I won the Best New Artist GRAMMY [for 2005]. And I was invited to perform “Ordinary People” that year. It was a song I wrote with will.i.am in a session for the Black Eyed Peas. We were coming up with hooks for them to rap around. And when I wrote that chorus, I thought, “Oh, I really like this. I’m gonna keep this for myself.” So I kept the chorus and went off and wrote the song based on that original chorus that we started working on. And that song sort of started the momentum that led me to the GRAMMYs that year.

I remember well when the nominations were announced, because I was there. I went to that very early morning press event they used to have in Los Angeles. I got eight nominations, including Best New Artist. Me, Mariah [Carey] and Kanye [West] all got eight nominations that year.

I felt I had a good chance at winning Best New Artist. The fact that I was nominated eight times made me feel I had a decent shot at it. But you never know. As it turned out, that day I won three awards and lost five.

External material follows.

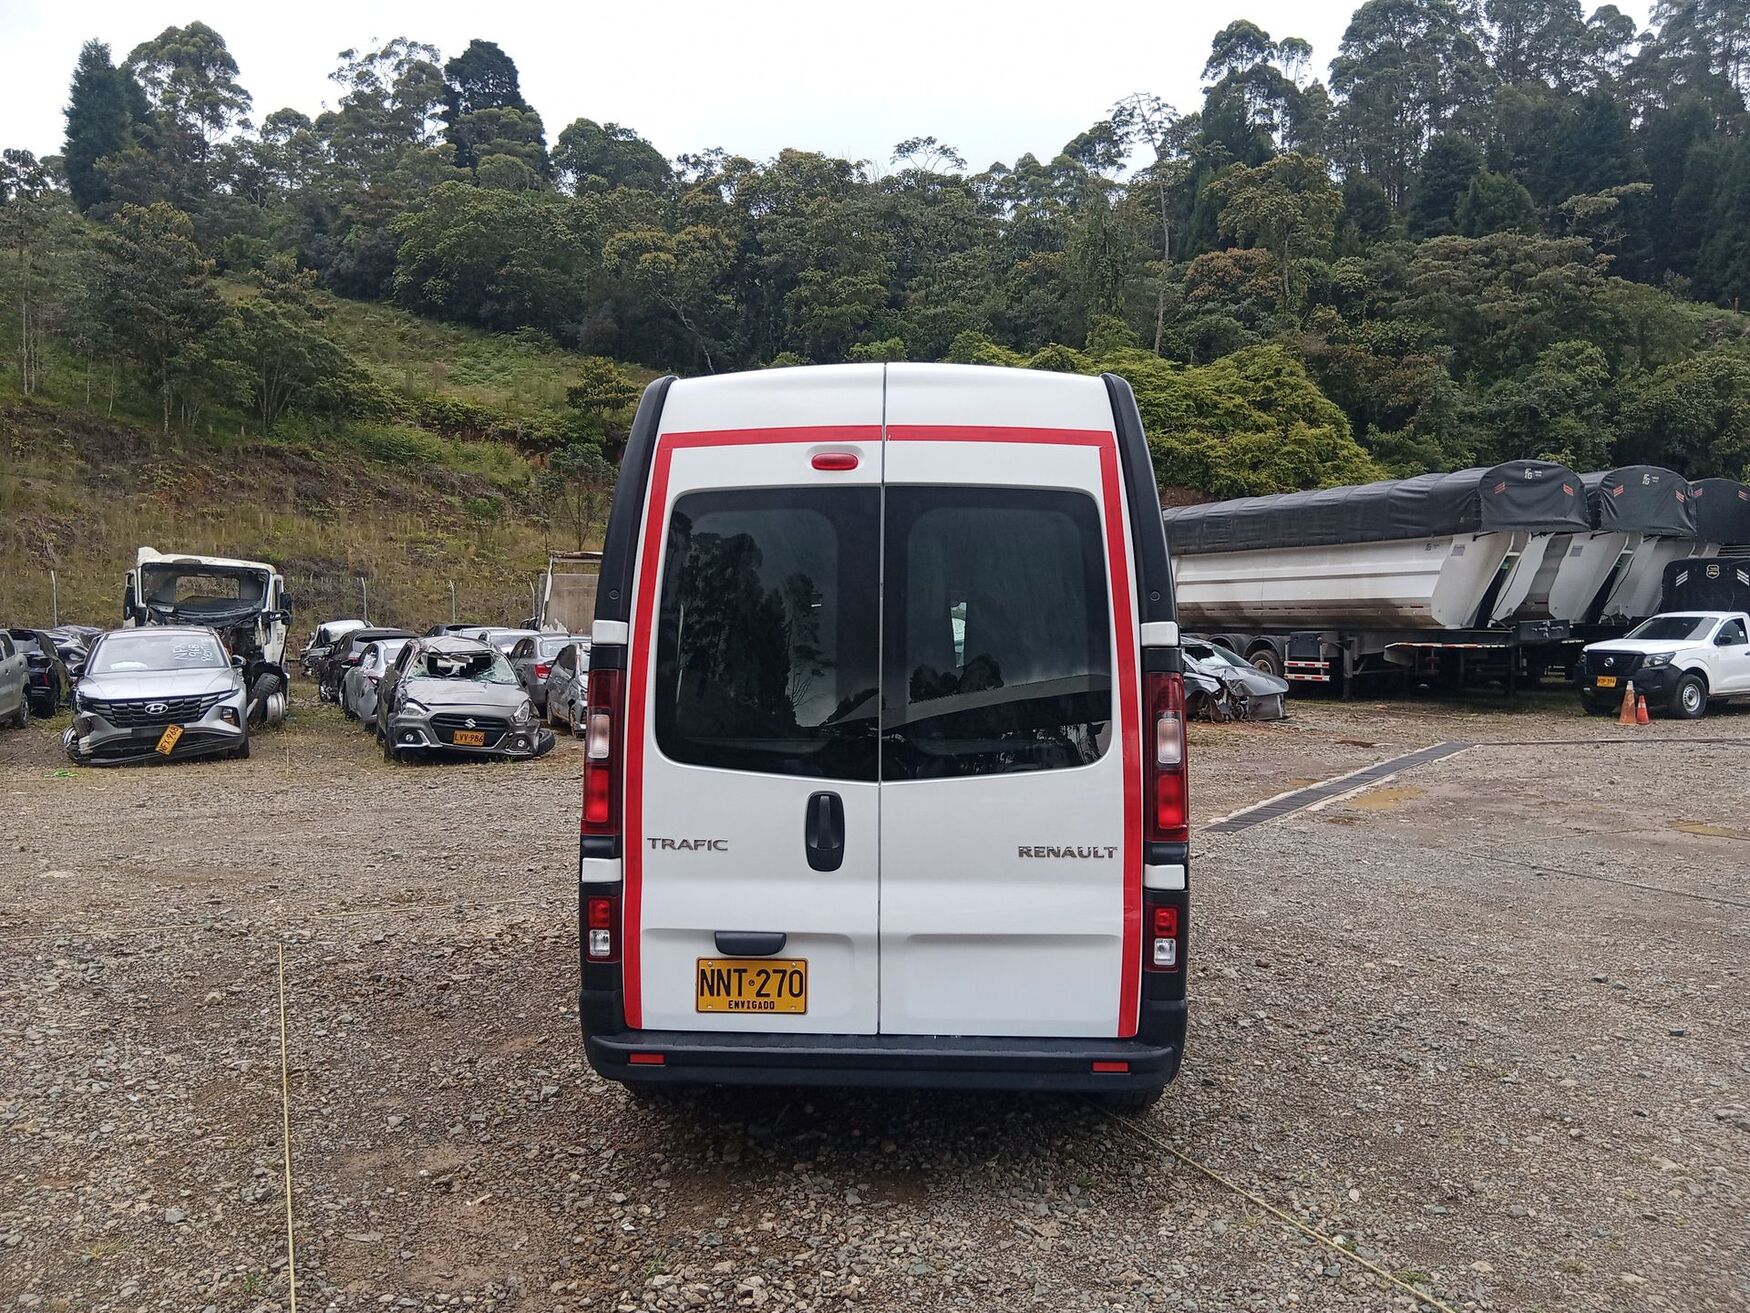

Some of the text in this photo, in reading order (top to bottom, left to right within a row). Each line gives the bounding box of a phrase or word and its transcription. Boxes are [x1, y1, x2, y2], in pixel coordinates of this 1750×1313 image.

[647, 837, 728, 851] TRAFIC
[1018, 846, 1118, 858] RENAULT
[728, 1000, 775, 1009] ENVIGADO

In addition to Best New Artist, I won for Best R&B Album and Best Male R&B Vocal Performance.

Winning Best New Artist, though, was the best of all to win, because that’s the one you can never win again. You have the chance to win any of the other ones later in your career. But you can only win Best New Artist once. I think it’s the most important one that I’ve gotten so far.

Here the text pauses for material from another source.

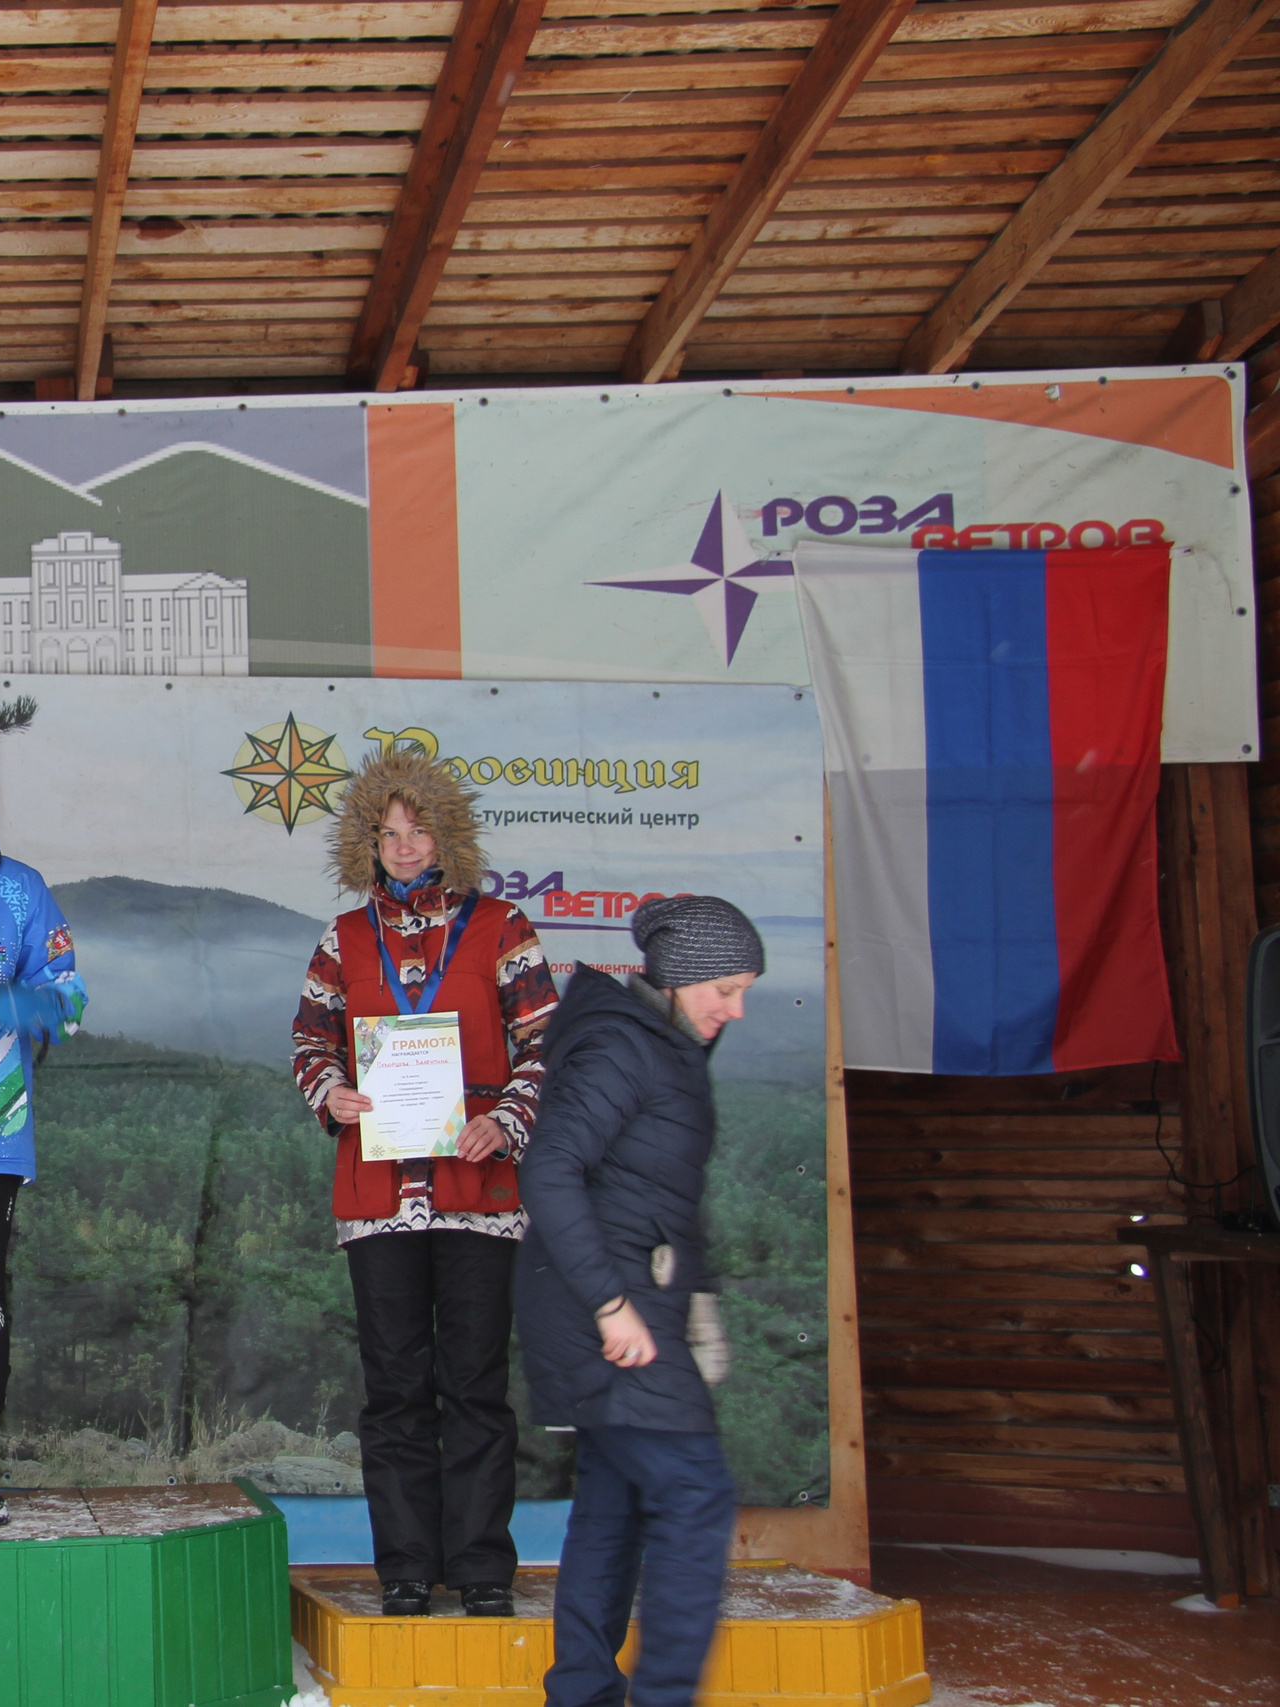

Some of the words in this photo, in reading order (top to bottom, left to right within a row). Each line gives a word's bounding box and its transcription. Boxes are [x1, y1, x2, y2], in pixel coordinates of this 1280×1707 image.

[762, 493, 955, 537] РОЗА
[639, 812, 700, 827] центр
[481, 870, 564, 900] ОЗА
[392, 1036, 456, 1051] ГРАМОТА

I’ll always remember that night. When they announced my name, I was ecstatic. It was huge. I remember my family, and Kanye was right there. And we were all excited. My mom and my dad were there, my grandmother was there, a couple of my cousins, my uncles and aunts were there. That was the time when I got the most tickets for the GRAMMYs ever!

Winning Best New Artist is big. It’s one of the few awards that’s cross-genre, and is featured as one of the big awards of the night. And if you look at the list of people who have won it, it’s been a pretty amazing group of people. If you look at the quality of the music of these artists, it is astounding, and was the great start of so many long careers. After all, the Beatles won it.

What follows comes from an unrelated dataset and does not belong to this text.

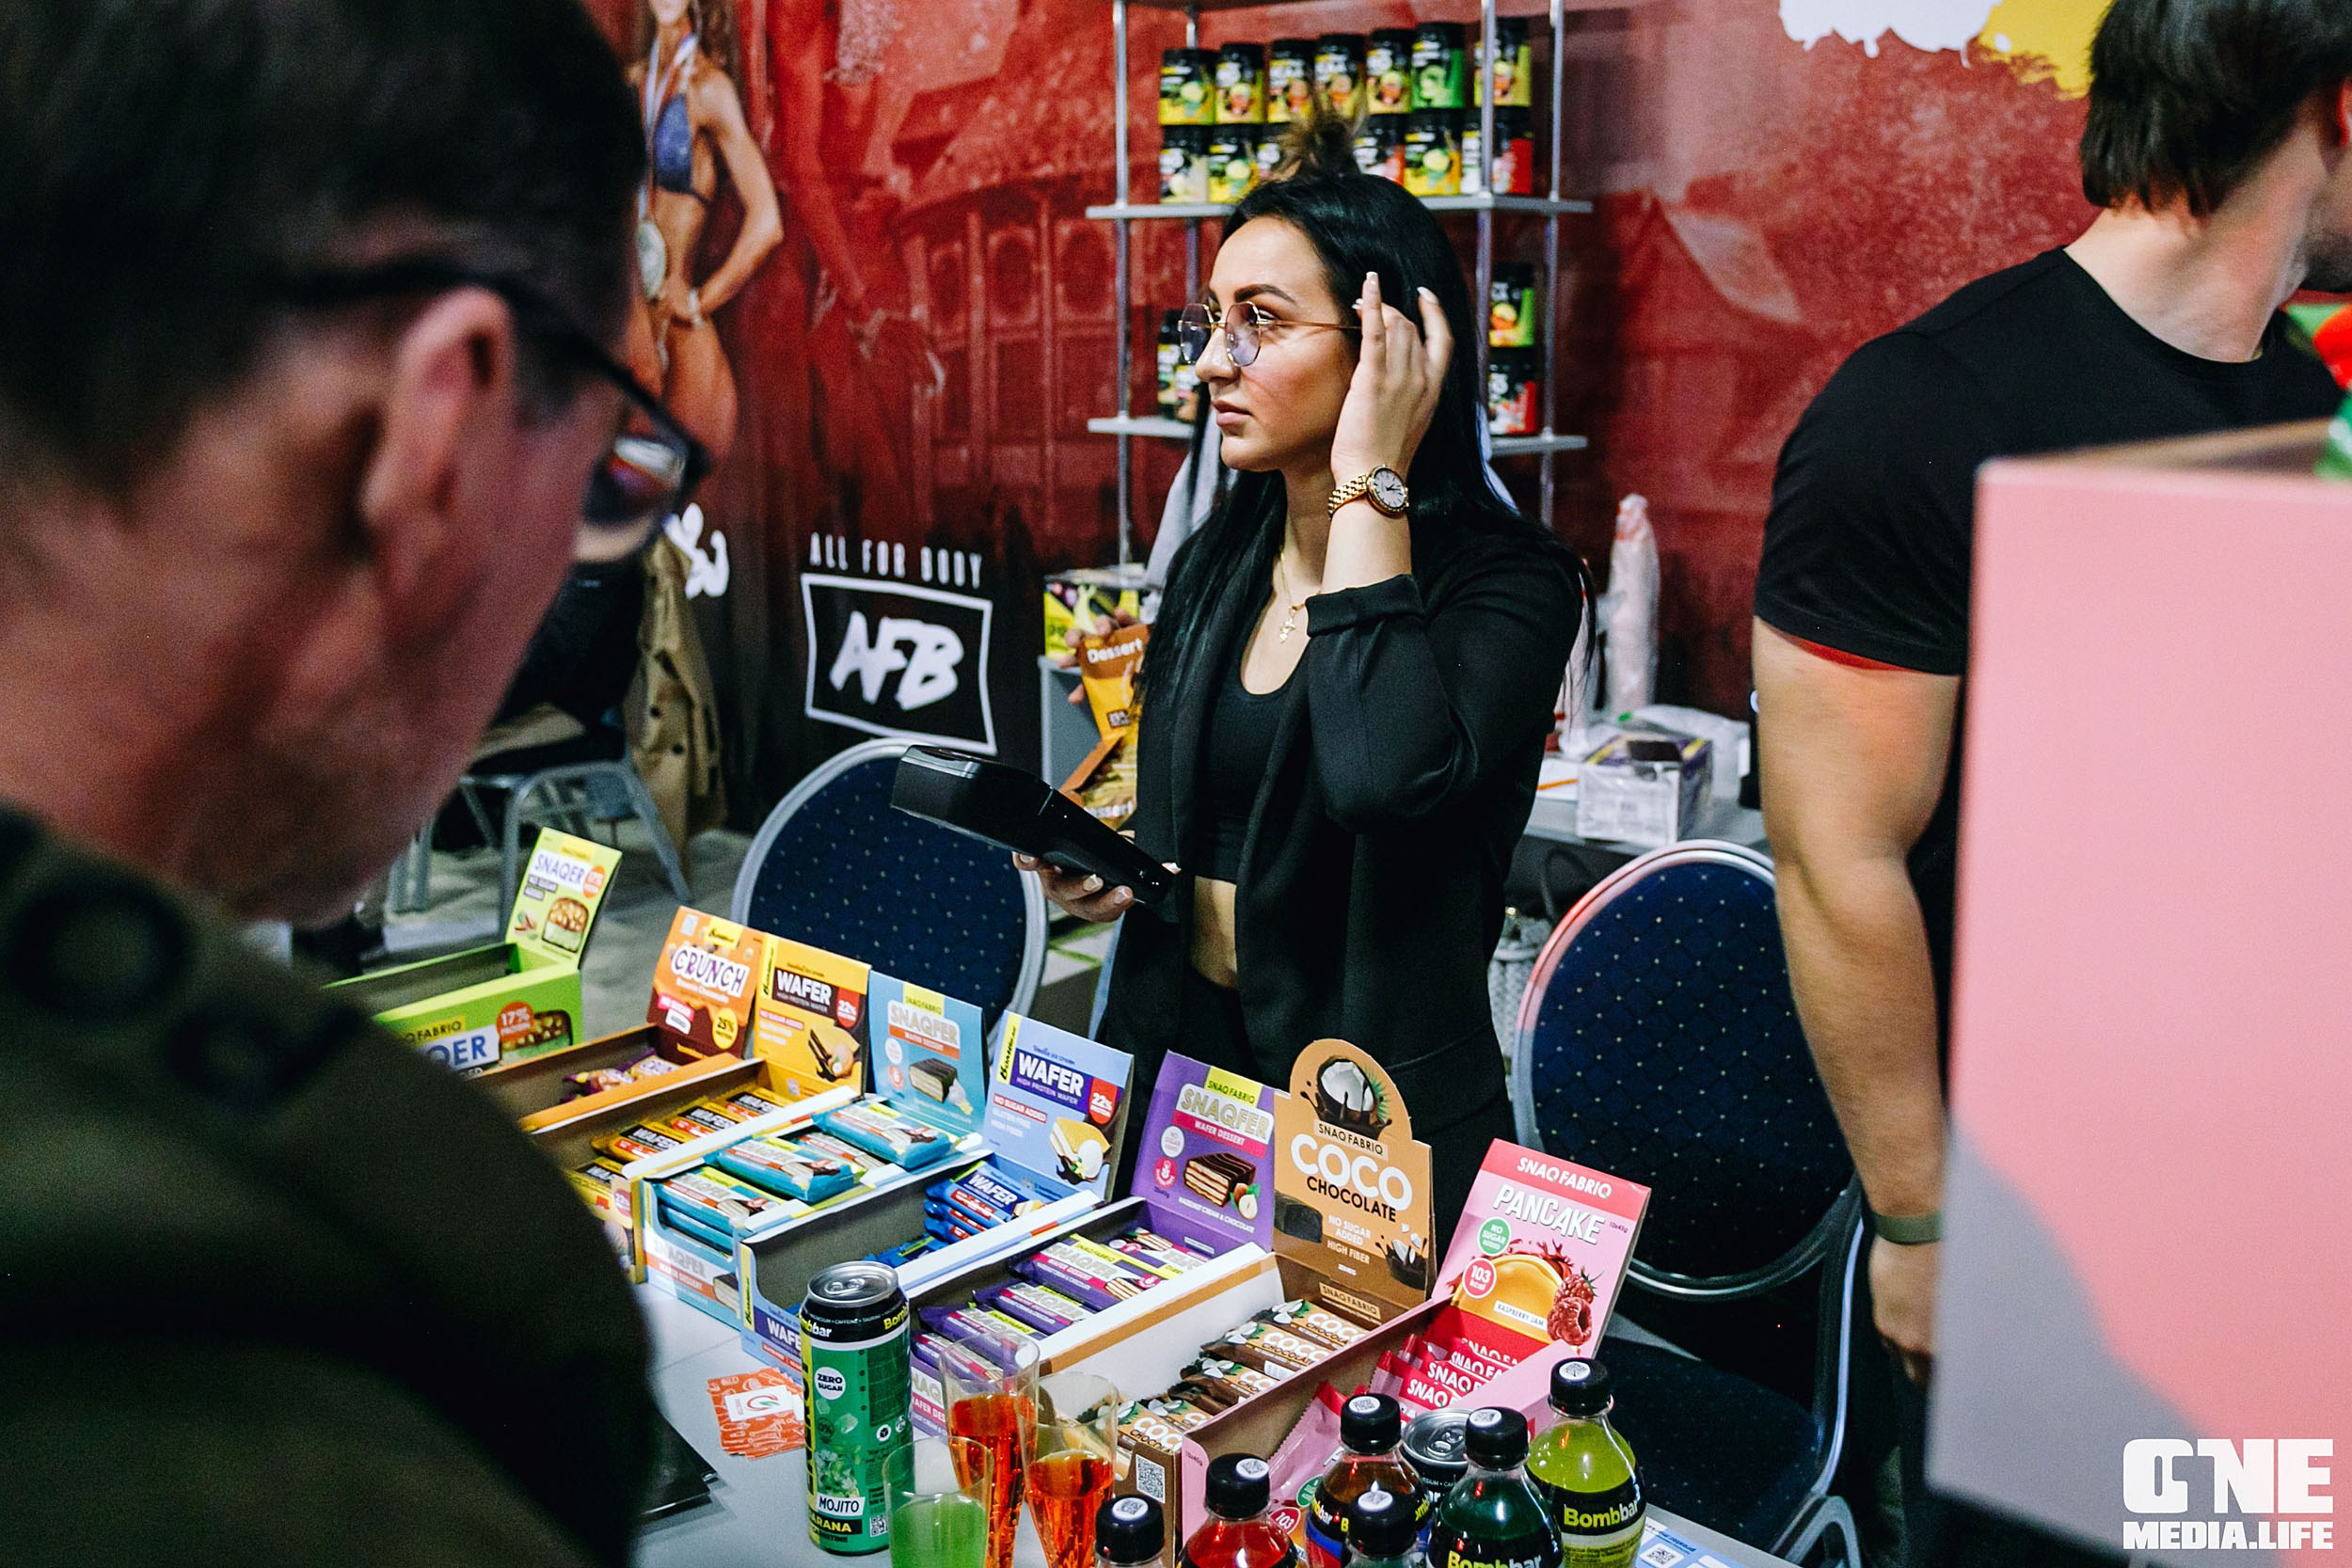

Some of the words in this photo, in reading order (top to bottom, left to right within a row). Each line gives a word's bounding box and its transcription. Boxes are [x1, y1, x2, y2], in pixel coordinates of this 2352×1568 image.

It had a positive and lasting effect on [my] career. It put me on a national platform. Performing “Ordinary People” that night, too, was important for me. It all comes down to the song. None of it would have happened had I not [had] a song that moved people. I’m always of the mind that content matters more than anything, still. The delivery and technology matters too. But the content is critical.

There’s no substitute for great content. And songs will always matter. Songs are the core of what we do as musicians. They are the core of what identifies us.

(John Legend is a 10-time GRAMMY winner. In October he released the first single, “Love Me Now,” from his upcoming album, Darkness And Light.)

(Paul Zollo is the senior editor of American Songwriter and the author of several books, including
Songwriters On Songwriting, Conversations With Tom Petty and Hollywood Remembered. He’s also a songwriter and Trough Records artist whose songs have been recorded by many artists, including Art Garfunkel, Severin Browne and Darryl Purpose.)

(The 59th GRAMMY Awards will take place Sunday, Feb. 12, 2017, live from Staples Center in Los Angeles and broadcast on the CBS Television Network from 8–11:30 pm ET/5–8:30 pm PT. Follow Recording Academy/GRAMMYs on Facebook, Twitter and Instagram and use #GRAMMYs to join the conversation.)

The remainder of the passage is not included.